— Work to be completed —
The whole listing is to be printed again exactly.
━━━━━━
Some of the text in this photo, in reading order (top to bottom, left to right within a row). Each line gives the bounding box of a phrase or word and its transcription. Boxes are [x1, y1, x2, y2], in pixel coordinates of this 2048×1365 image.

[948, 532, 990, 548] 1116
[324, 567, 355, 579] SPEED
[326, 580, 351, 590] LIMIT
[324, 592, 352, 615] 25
━━━━━━
— Response below —
Some of the text in this photo, in reading order (top to bottom, left to right within a row). Each line gives the bounding box of a phrase or word and its transcription. Boxes are [x1, y1, x2, y2], in pixel coordinates of this 2048×1365 image.

[948, 532, 990, 548] 1116
[324, 567, 355, 579] SPEED
[326, 580, 351, 590] LIMIT
[324, 592, 352, 615] 25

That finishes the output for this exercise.